All we have left is "equal voting power", yet people are still refusing to vote, casting their ballots instead for the continuation of our plutocracy.

When does Stephen Harper ever talk about income disparity or poverty? Never. He was handed a Senate report on how to help alleviate poverty, and he stuck his nose in the air and then threw it in the trash.

Morton Blackwell, the man who helped Preston Manning set up his anti-democracy centre, and trained people like Karl Rove and Rob Anders, is one of the key players in the Neoconservative movement.

He has made their intentions clear. In a forward to Plinio de Correa de Olivier's English language edition of his book: Nobility and Analagous Traditional Elites, that promotes "the restoration of influence of authentic elites over the multitudes", Blackwell writes:
'One does not have to accept Papal infallibility to appreciate a case persuasively made, using theological, moral, and prudential arguments. This book will convince many readers, whatever their faith, that good elites are legitimate, desirable and, yes, necessary'.
Unfortunately these are not good elites. They are just greedy elites and it's time that the "multitudes" started governing themselves again, by taking back their democracy.  A little "social backlash"

The Wall Street protests are important and those topless women need to put on some clothes or go home.

Tuesday, October 4, 2011

Perry Down - Protesters Up


Rick Perry is now dropping in the polls, with Mitt Romney taking the lead.

I guess having a ranch named "Niggerhead" didn't win him any points. The Tea Partiers would have loved it, but the Republican leader has to be able to win over more than the crazies to get elected.

It really says a lot for the state of the party though, when Mitt Romney is now considered to be a moderate.

And on the good news front, the Wall Street protests continue to grow.

Let's hope these stories are related.

I just finished another section of my Canadian Manifesto. It's flowing better now and should progress faster. With two elections down, I'll have a bit more time to work on it.

Monday, October 3, 2011

Will Canadians Finally Rise Up Against the Evils of Neoconservatism?

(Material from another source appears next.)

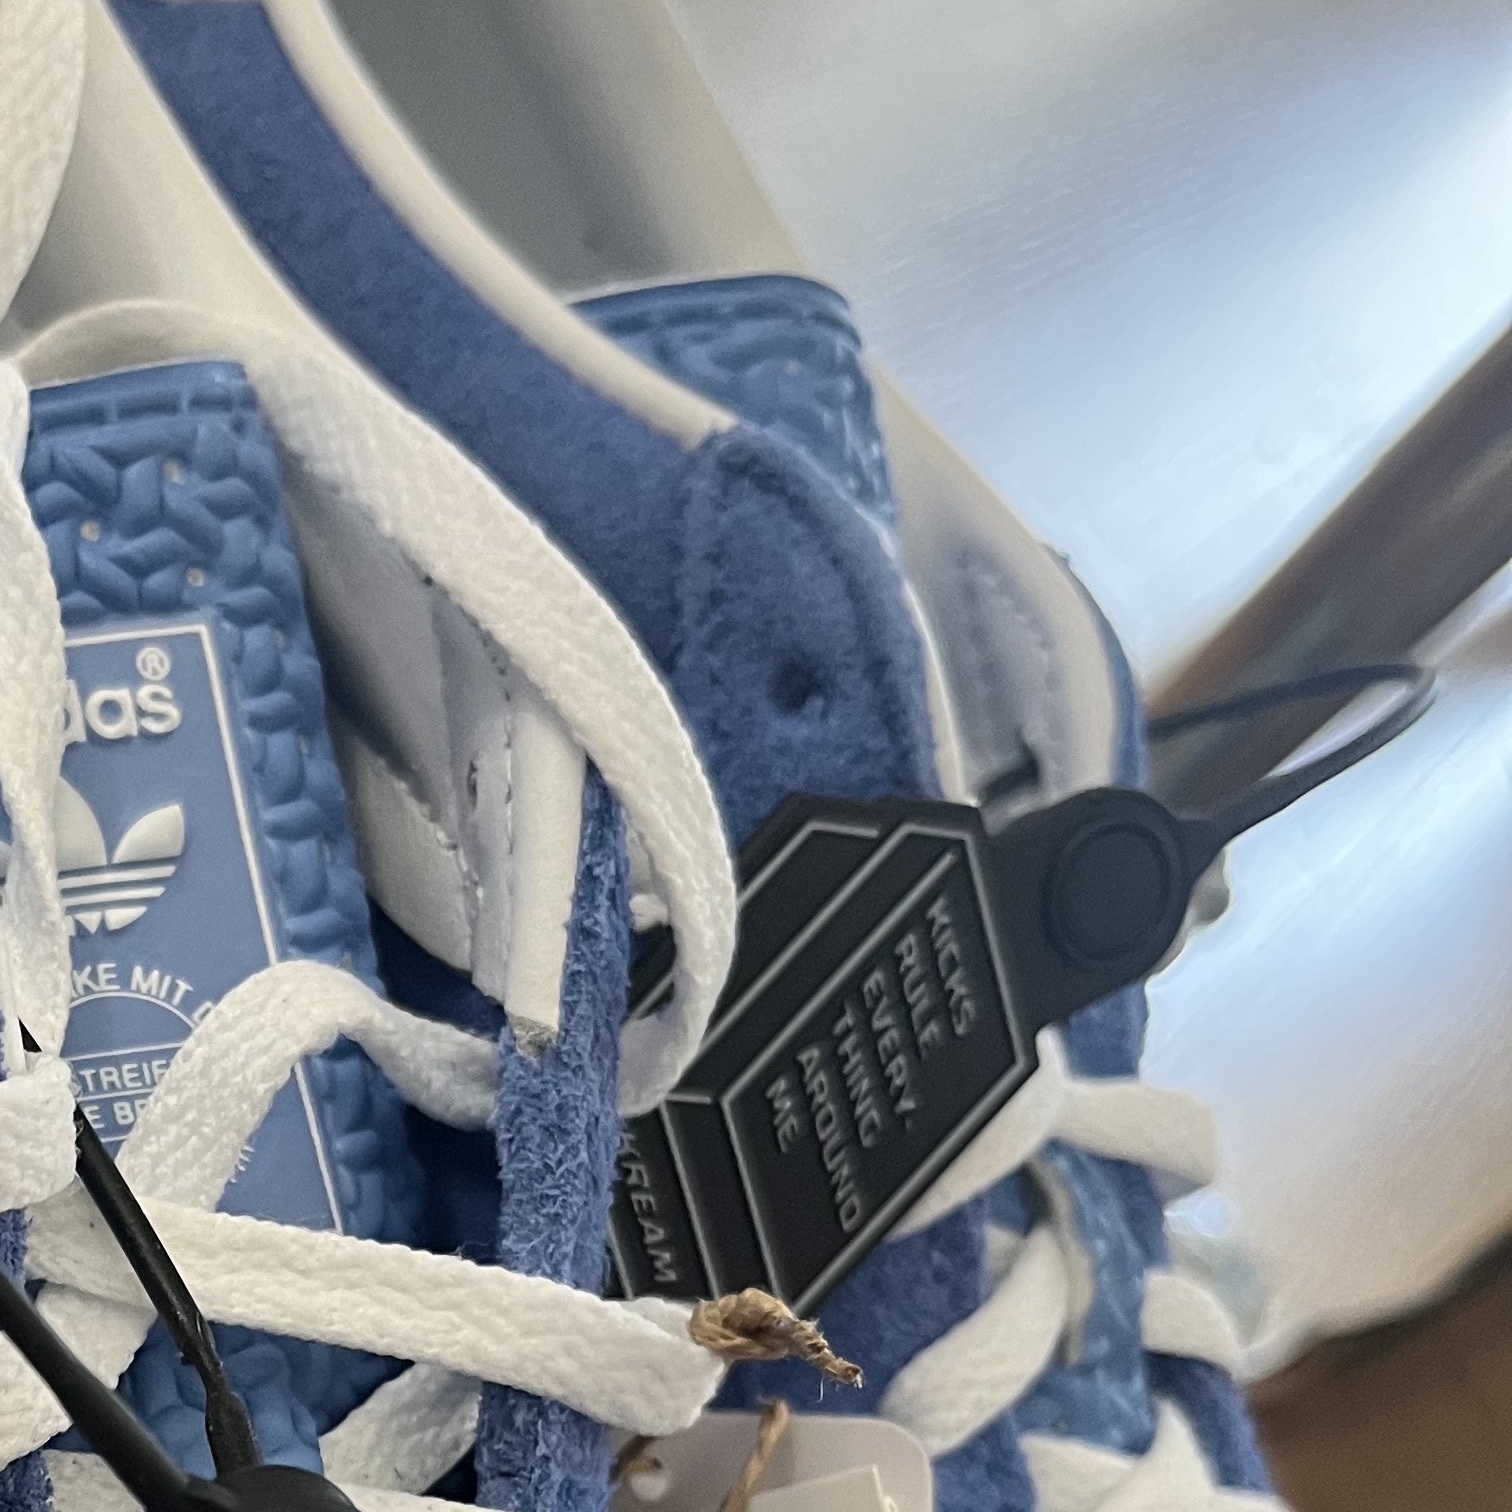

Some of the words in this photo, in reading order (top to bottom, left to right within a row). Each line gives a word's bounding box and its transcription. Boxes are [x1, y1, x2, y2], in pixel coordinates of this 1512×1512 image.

I mentioned the musician Tom Morello, who had appeared on Bill Maher recently, discussing social issues.  I was so impressed with his genuine concern for societal imbalance and dedication to several causes.

Morello spoke of the "occupation of Wall Street" by folks who had just had enough.  One member of the panel belittled the protesters, claiming there were only a handful, but clearly there are more than he would have liked us to believe.

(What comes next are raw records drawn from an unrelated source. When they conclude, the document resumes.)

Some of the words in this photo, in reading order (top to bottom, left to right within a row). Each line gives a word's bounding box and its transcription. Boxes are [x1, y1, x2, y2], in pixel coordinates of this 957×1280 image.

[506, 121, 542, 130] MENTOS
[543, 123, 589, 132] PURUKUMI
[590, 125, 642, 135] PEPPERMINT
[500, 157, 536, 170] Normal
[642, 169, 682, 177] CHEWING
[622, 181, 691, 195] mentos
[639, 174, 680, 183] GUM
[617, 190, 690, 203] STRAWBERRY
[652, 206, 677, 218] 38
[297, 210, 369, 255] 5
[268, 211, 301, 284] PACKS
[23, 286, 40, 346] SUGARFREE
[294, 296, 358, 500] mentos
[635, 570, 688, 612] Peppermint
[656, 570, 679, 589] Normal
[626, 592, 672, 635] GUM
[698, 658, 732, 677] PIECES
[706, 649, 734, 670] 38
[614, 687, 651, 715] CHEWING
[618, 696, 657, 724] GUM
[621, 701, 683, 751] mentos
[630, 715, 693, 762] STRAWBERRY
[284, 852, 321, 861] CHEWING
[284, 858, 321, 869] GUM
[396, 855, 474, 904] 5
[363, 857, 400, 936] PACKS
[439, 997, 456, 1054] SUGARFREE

In fact, at least 800 were arrested, and the numbers are rising, not only of arrests but of demonstrators.
The group, called Occupy Wall Street, has been protesting against the finance industry and other issues by camping out in Zuccotti park in New York.  During the afternoon a long line of protesters numbering several thousand snaked through the streets towards the landmark bridge across the East River with the aim of ending at a Brooklyn park.

However, during the march across the bridge groups of protesters sat down or strayed into the road from the pedestrian pathway. They were then arrested in large numbers, and held for several hours, by officers who were part of a heavy police presence shepherding the march along its path.  At one stage 500 protesters were blocked off by police on the bridge. At least one journalist, freelancer Natasha Lennard for the New York Times, was among those arrested.
The protesters then took their march to police headquarters.
Erin Larkins, a Columbia University graduate student who says she and her boyfriend have significant student loan debt, was among the thousands of protesters on the bridge. She said a friend persuaded her to join the march and she's glad she did.  "I don't think we're asking for much, just to wake up every morning not worrying whether we can pay the rent, or whether our next meal will be rice and beans again".
400 of America's wealthiest citizens, have more money than the bottom 155 million combined.  Yet when Wall Street gambled and lost, they were bailed out, while thousands at the bottom were thrown out.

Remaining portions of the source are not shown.